Book cover for first edition of The Gilded Age: A Tale of Today by Mark Twain and Charles Dudley Warner (1873)
But it was so much more. Living at the Farm, walking the grounds, and reading stories about the family and staff that facilitated Clemens’ writings was a profound experience. I was particularly struck by his relationship with Susan Crane, his sister-in-law who oversaw the Farm with efficiency, sustained Clemens with good humor, and had built for him the octagonal study where Clemens wrote several of his most famous works. The work of others meant that Clemens could rise in the morning, have breakfast, write for hours in a beautiful setting, and return in the evening to a good meal in a well-cared for home—this, after escaping what he thought would be an ideal life living in a luxurious home while editing the Buffalo Express. What he found instead was that he thrived in a simpler life with a happy domestic routine.
The Fellowship residency at Quarry Farm provided a sense of time and space often missed during brief visits to a historic place. Living there, one could feel what life was like in the era of horse and buggy, removed from the bustle of factories and railroads, especially at night when it was so quiet. I could picture Clemens walking the dusty summer roads to Elmira to visit the Langdon family and others. I could envision Rudyard Kipling randomly showing up at the Farm, hoping to meet Clemens, being graciously entertained on the front porch by Clemens’ daughter, then heading to the Langdon home in Elmira where he spent time with Clemens (who had not yet heard of him). Sitting in the Quarry Farm living room, I could envision evenings when Livy would read to the children while Clemens interjected humorous reflections. I could also better understand the “seasons” of Clemens life, when the Farm was a source of joy in his mid-life and later a place of sadness after losing two daughters and his beloved Livy. In our very analytical approach to academic subjects, these kinds of gleanings bring added depth to research.

Susan Langdon Crane on the Quarry Farm Porch (c.1905)

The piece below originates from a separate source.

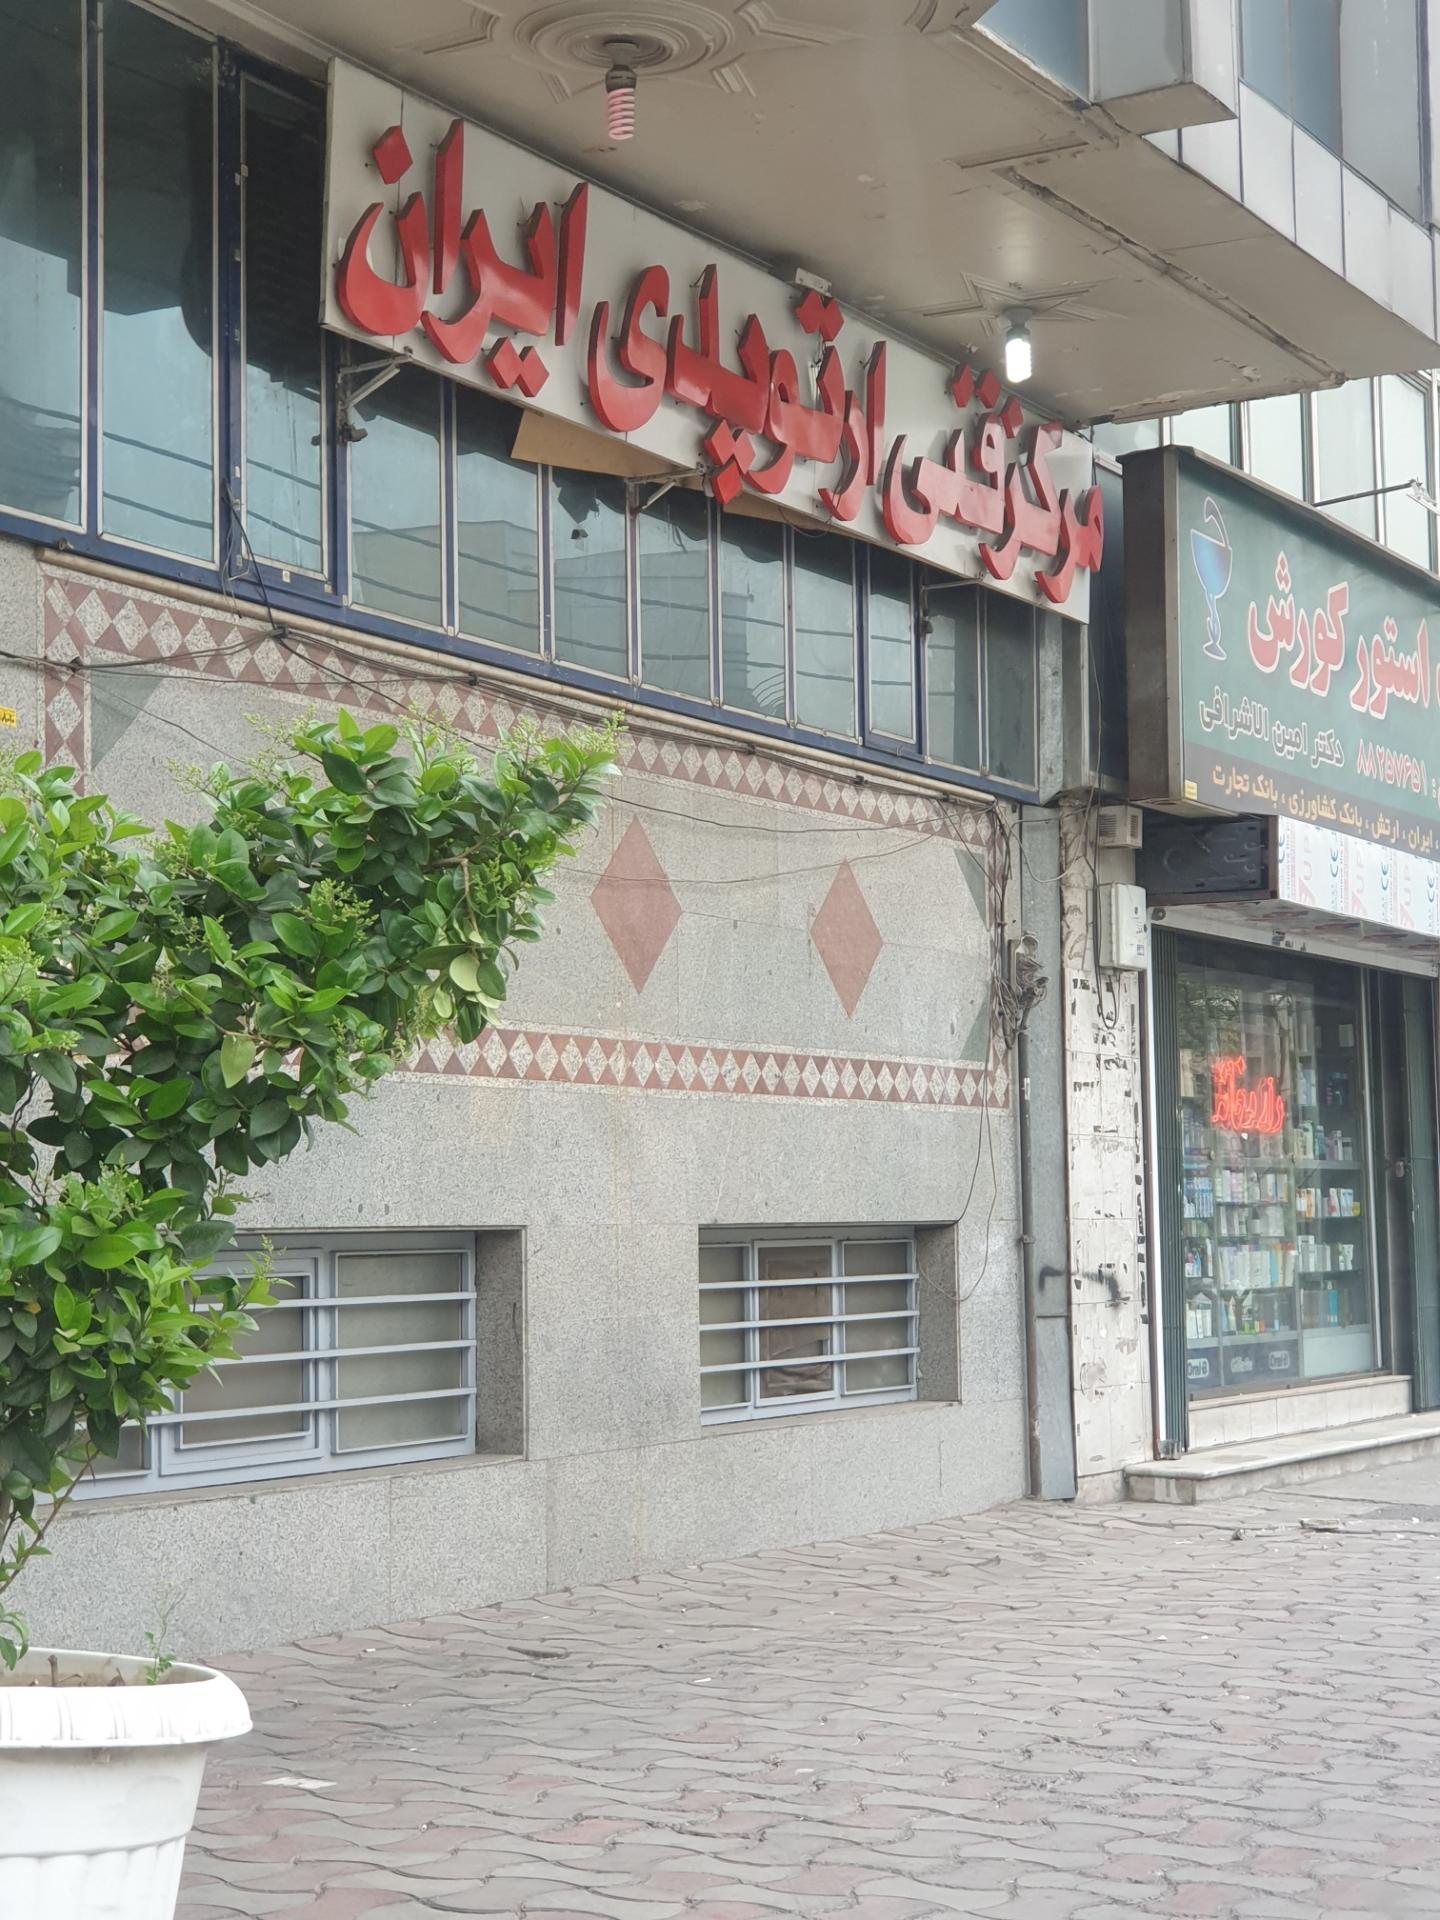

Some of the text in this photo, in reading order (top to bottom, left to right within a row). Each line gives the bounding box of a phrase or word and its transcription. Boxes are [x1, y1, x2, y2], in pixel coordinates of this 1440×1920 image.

So for me the best part of the Quarry Farm stay was the more wholistic understanding of Clemens, a clearer discerning of the warp and weft of his daily life. The Fellowship is unique, and I am profoundly grateful to the Clemens’ relative who preserved the Farm for future generations as well as the staff and academicians at the Center for Mark Twain Studies who made the whole experience so enjoyable.